◆ Activity ◆
Copy the records out again in full, keeping them identical.

━━━ Provided records

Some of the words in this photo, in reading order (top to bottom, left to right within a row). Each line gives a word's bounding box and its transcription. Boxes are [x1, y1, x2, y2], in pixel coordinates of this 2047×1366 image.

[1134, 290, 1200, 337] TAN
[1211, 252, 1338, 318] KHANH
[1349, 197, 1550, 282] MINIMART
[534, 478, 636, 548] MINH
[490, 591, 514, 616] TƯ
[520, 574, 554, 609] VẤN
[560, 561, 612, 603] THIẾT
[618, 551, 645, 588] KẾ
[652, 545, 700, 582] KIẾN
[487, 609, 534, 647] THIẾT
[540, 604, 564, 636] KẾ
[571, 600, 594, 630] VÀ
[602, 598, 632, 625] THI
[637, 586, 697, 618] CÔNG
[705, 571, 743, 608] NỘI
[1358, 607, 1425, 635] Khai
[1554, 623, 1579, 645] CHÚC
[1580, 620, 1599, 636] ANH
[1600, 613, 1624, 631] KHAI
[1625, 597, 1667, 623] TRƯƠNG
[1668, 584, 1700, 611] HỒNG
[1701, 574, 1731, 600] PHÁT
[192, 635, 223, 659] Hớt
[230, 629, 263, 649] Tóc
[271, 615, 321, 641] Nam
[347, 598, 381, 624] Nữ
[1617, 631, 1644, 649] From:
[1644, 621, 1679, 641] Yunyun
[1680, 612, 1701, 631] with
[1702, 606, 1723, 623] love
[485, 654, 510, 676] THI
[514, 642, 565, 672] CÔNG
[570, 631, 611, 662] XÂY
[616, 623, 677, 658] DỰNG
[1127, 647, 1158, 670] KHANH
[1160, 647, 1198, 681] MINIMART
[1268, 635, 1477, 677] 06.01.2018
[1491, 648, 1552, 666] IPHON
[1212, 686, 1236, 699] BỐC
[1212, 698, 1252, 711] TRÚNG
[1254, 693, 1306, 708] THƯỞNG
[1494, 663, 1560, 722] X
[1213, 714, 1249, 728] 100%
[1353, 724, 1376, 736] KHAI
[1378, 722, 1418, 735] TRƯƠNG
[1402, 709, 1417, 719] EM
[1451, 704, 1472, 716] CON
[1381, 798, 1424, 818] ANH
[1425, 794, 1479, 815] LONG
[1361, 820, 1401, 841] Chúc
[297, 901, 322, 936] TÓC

━━━━━━

◆ Response area ◆
Some of the words in this photo, in reading order (top to bottom, left to right within a row). Each line gives a word's bounding box and its transcription. Boxes are [x1, y1, x2, y2], in pixel coordinates of this 2047×1366 image.

[1134, 290, 1200, 337] TAN
[1211, 252, 1338, 318] KHANH
[1349, 197, 1550, 282] MINIMART
[534, 478, 636, 548] MINH
[490, 591, 514, 616] TƯ
[520, 574, 554, 609] VẤN
[560, 561, 612, 603] THIẾT
[618, 551, 645, 588] KẾ
[652, 545, 700, 582] KIẾN
[487, 609, 534, 647] THIẾT
[540, 604, 564, 636] KẾ
[571, 600, 594, 630] VÀ
[602, 598, 632, 625] THI
[637, 586, 697, 618] CÔNG
[705, 571, 743, 608] NỘI
[1358, 607, 1425, 635] Khai
[1554, 623, 1579, 645] CHÚC
[1580, 620, 1599, 636] ANH
[1600, 613, 1624, 631] KHAI
[1625, 597, 1667, 623] TRƯƠNG
[1668, 584, 1700, 611] HỒNG
[1701, 574, 1731, 600] PHÁT
[192, 635, 223, 659] Hớt
[230, 629, 263, 649] Tóc
[271, 615, 321, 641] Nam
[347, 598, 381, 624] Nữ
[1617, 631, 1644, 649] From:
[1644, 621, 1679, 641] Yunyun
[1680, 612, 1701, 631] with
[1702, 606, 1723, 623] love
[485, 654, 510, 676] THI
[514, 642, 565, 672] CÔNG
[570, 631, 611, 662] XÂY
[616, 623, 677, 658] DỰNG
[1127, 647, 1158, 670] KHANH
[1160, 647, 1198, 681] MINIMART
[1268, 635, 1477, 677] 06.01.2018
[1491, 648, 1552, 666] IPHON
[1212, 686, 1236, 699] BỐC
[1212, 698, 1252, 711] TRÚNG
[1254, 693, 1306, 708] THƯỞNG
[1494, 663, 1560, 722] X
[1213, 714, 1249, 728] 100%
[1353, 724, 1376, 736] KHAI
[1378, 722, 1418, 735] TRƯƠNG
[1402, 709, 1417, 719] EM
[1451, 704, 1472, 716] CON
[1381, 798, 1424, 818] ANH
[1425, 794, 1479, 815] LONG
[1361, 820, 1401, 841] Chúc
[297, 901, 322, 936] TÓC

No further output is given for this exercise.